ABOUT THIS TASK:
The pictures do not go in the copy. Reproduce the rest of the entries exactly.

DATA SUPPLIED:
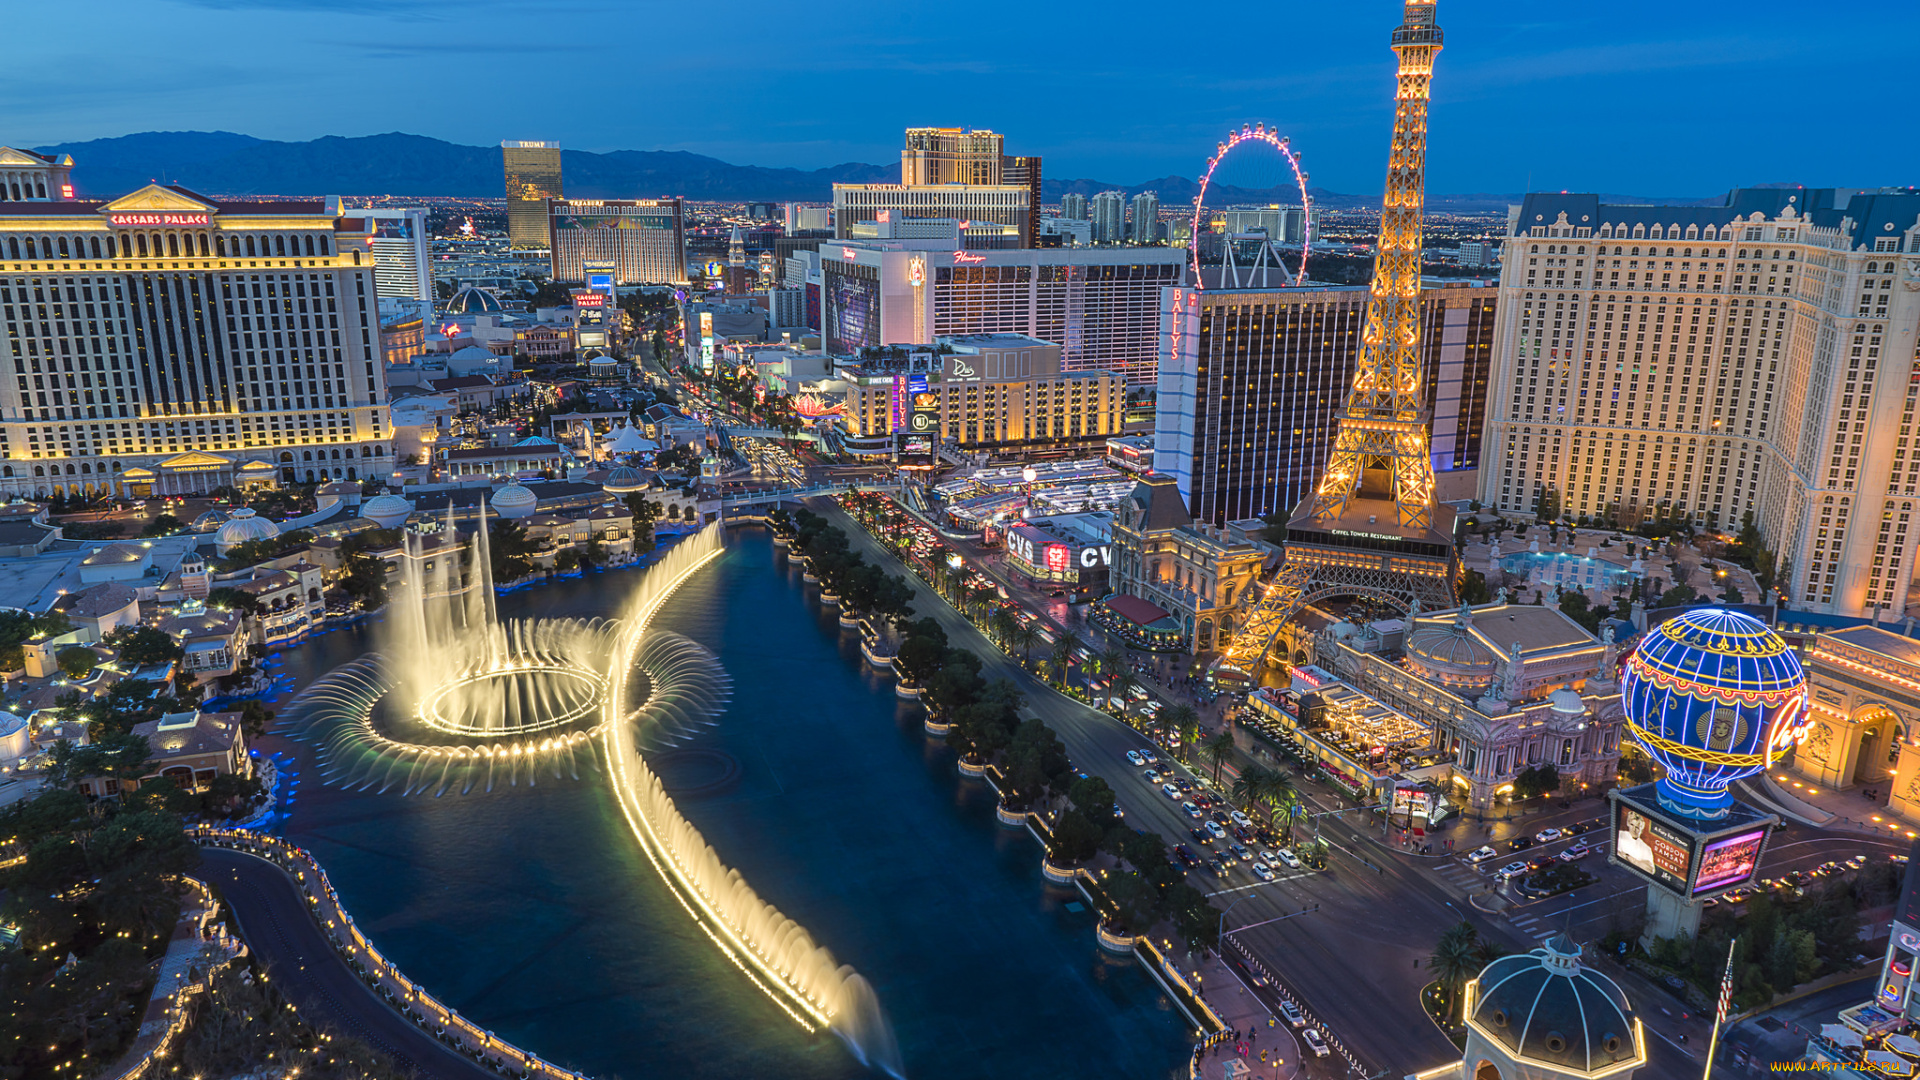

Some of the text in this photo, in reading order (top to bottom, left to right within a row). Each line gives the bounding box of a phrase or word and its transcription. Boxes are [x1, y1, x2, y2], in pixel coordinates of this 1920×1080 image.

[110, 214, 209, 225] CAESARS PALACE
[953, 250, 986, 264] Flamingo
[1007, 530, 1033, 561] CVS
[1369, 532, 1403, 541] RESTAURANT
[1292, 668, 1319, 687] BEER PARK
[1765, 695, 1816, 769] Paris
[1654, 846, 1684, 865] RAMSAY
[1655, 839, 1685, 859] GORDON
[1706, 845, 1753, 865] ANTHONY
[1703, 855, 1749, 875] COLS

TASK SOLUTION:
Some of the text in this photo, in reading order (top to bottom, left to right within a row). Each line gives the bounding box of a phrase or word and its transcription. Boxes are [x1, y1, x2, y2], in pixel coordinates of this 1920×1080 image.

[110, 214, 209, 225] CAESARS PALACE
[953, 250, 986, 264] Flamingo
[1007, 530, 1033, 561] CVS
[1369, 532, 1403, 541] RESTAURANT
[1292, 668, 1319, 687] BEER PARK
[1765, 695, 1816, 769] Paris
[1654, 846, 1684, 865] RAMSAY
[1655, 839, 1685, 859] GORDON
[1706, 845, 1753, 865] ANTHONY
[1703, 855, 1749, 875] COLS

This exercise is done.